Before drug-eluting stents became available, open-heart surgery was generally considered the best option for most patients with left main and multi-vessel cardiac disease. SYNTAX, the first large randomized comparison of PCI with drug-eluting stents vs. bypass surgery in patients with left main stenosis and multi-vessel disease, has yielded evidence indicating that PCI is a good option for many patients for multiple reasons:
- PCI was found to be safe and effective for SYNTAX patients one year after their initial procedure. PCI patients were no more likely than bypass patients to die or suffer a heart attack, and they were significantly less likely to suffer stroke. PCI did result in a greater number of repeat revascularization procedures compared to bypass surgery. (NEJM, Feb. 18, 2009)
- PCI delivered the same or greater improvement in most quality-of-life measures as bypass surgery for many patients studied to 12 months. At one year, bypass patients had slightly less angina than PCI patients. (Presentation at the American College of Cardiology i2 Summit, March 28, 2009)
- On average, PCI cost less than bypass surgery for U.S. patients enrolled in SYNTAX. Average cost savings was as high as $3590 for many of the patients and $467 for patients with the most complex and severe disease. The severity of disease was assessed on angiographic criteria resulting in a scoring system known as SYNTAX score. Patients were grouped in three tertile groups of low, moderate, or high scores, with the highest score for the most complex patients. Cost calculations accounted for the initial procedure through one-year follow-up, including initial hospitalization, repeat procedures, physician fees, rehabilitation, and medications. The cost savings with PCI occurred despite the fact that patients enrolled in SYNTAX required an average of 4.6 stents per case to treat severe and often diffuse disease. (Presentation at the American College of Cardiology i2 Summit, March 28, 2009
The take-home message for patients: Angioplasty with stenting is a safe, effective, and less invasive treatment option for many who have left main or multi-vessel heart disease. For many patients, PCI delivers equal or better quality of life at various time points studied and at less cost compared to bypass surgery, as assessed by SYNTAX through one year. As with every medical treatment, there are both benefits and risks to consider with both options. Patients should discuss both the risks and benefits of all of their treatment options with their doctor, and treatment should be individualized to each patient.
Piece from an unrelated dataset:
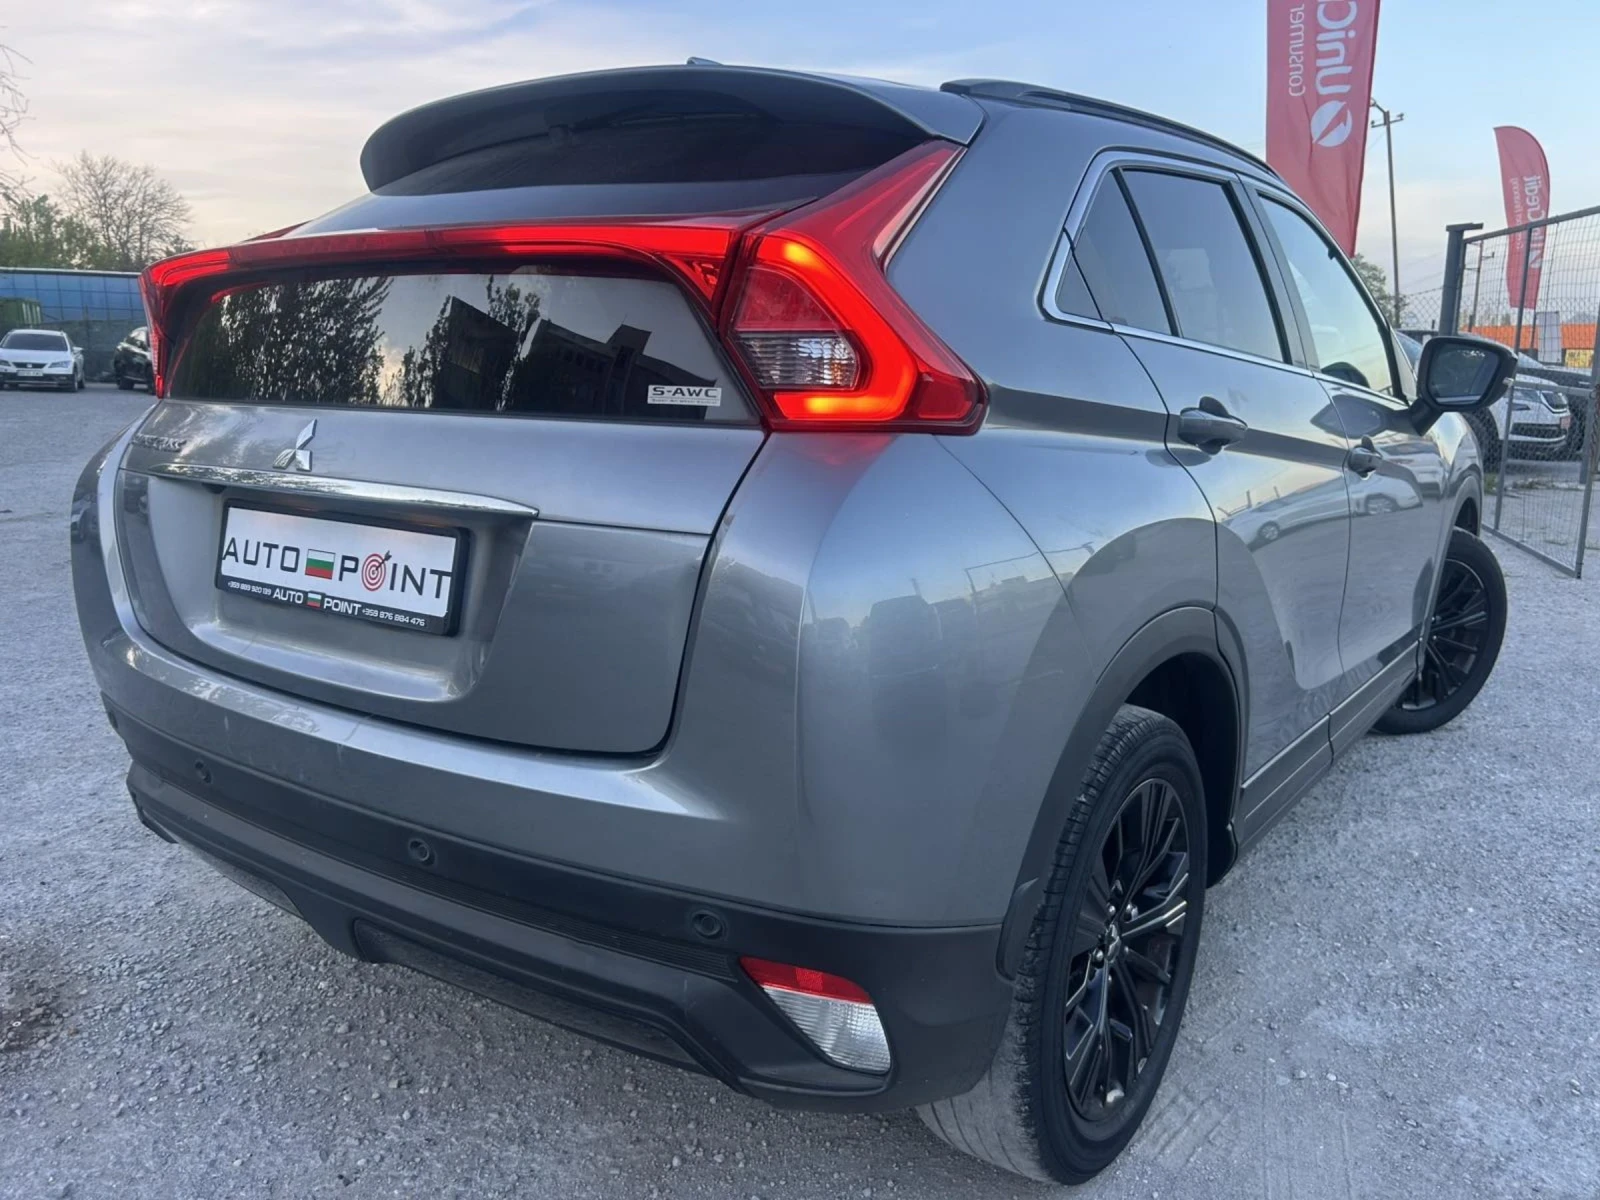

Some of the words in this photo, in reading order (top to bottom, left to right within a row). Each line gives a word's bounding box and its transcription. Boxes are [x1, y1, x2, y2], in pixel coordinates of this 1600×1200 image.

The Society for Cardiovascular Angiography and Interventions also seeks to make physicians aware of the SYNTAX score as a new tool to help guide treatment recommendations for patients who are candidates for either PCI or bypass surgery. Each patient’s angiogram and SYNTAX score should be fully evaluated to decide if blockages are of low, moderate, or high complexity. As the complexity increased, the cost savings of PCI declined but were still present.
Patients with SYNTAX scores, as assessed by angiography, in the low (0-22) to mid-range (23-32) can be more cost-effectively treated with PCI, while patients with high SYNTAX scores (33 and up) are typically better candidates for bypass surgery. PCI’s impact on quality of life was greater in patients with low- to mid-range SYNTAX scores, while bypass surgery yielded slightly greater quality-of-life outcomes for patients with high SYNTAX scores.
The Society for Cardiovascular Angiography and Interventions emphasizes that, despite the cost-effectiveness analysis reflected in the SYNTAX score, the individual patient’s safety, health, and quality of life should always be the first priorities in decision making about healthcare options.
Quotes from SCAI:
The following quotes are from SCAI leaders, who are available for interview. Please call 717-422-1181 or email: firstname.lastname@example.org
“The data from SYNTAX are important because they help us examine the clinical effectiveness and cost effectiveness that PCI can deliver for patients who are at the greatest risk and who suffer the worst symptoms from their underlying heart disease. This trial offers a strong indication that PCI is an excellent option for patients with left main or multi-vessel coronary disease, although we need to make sure the results continue beyond one year,” said Mark Turco, MD, FSCAI, an SCAI Trustee and Director of the Center for Cardiac & Vascular Research at Washington Adventist Hospital, Takoma Park, Md.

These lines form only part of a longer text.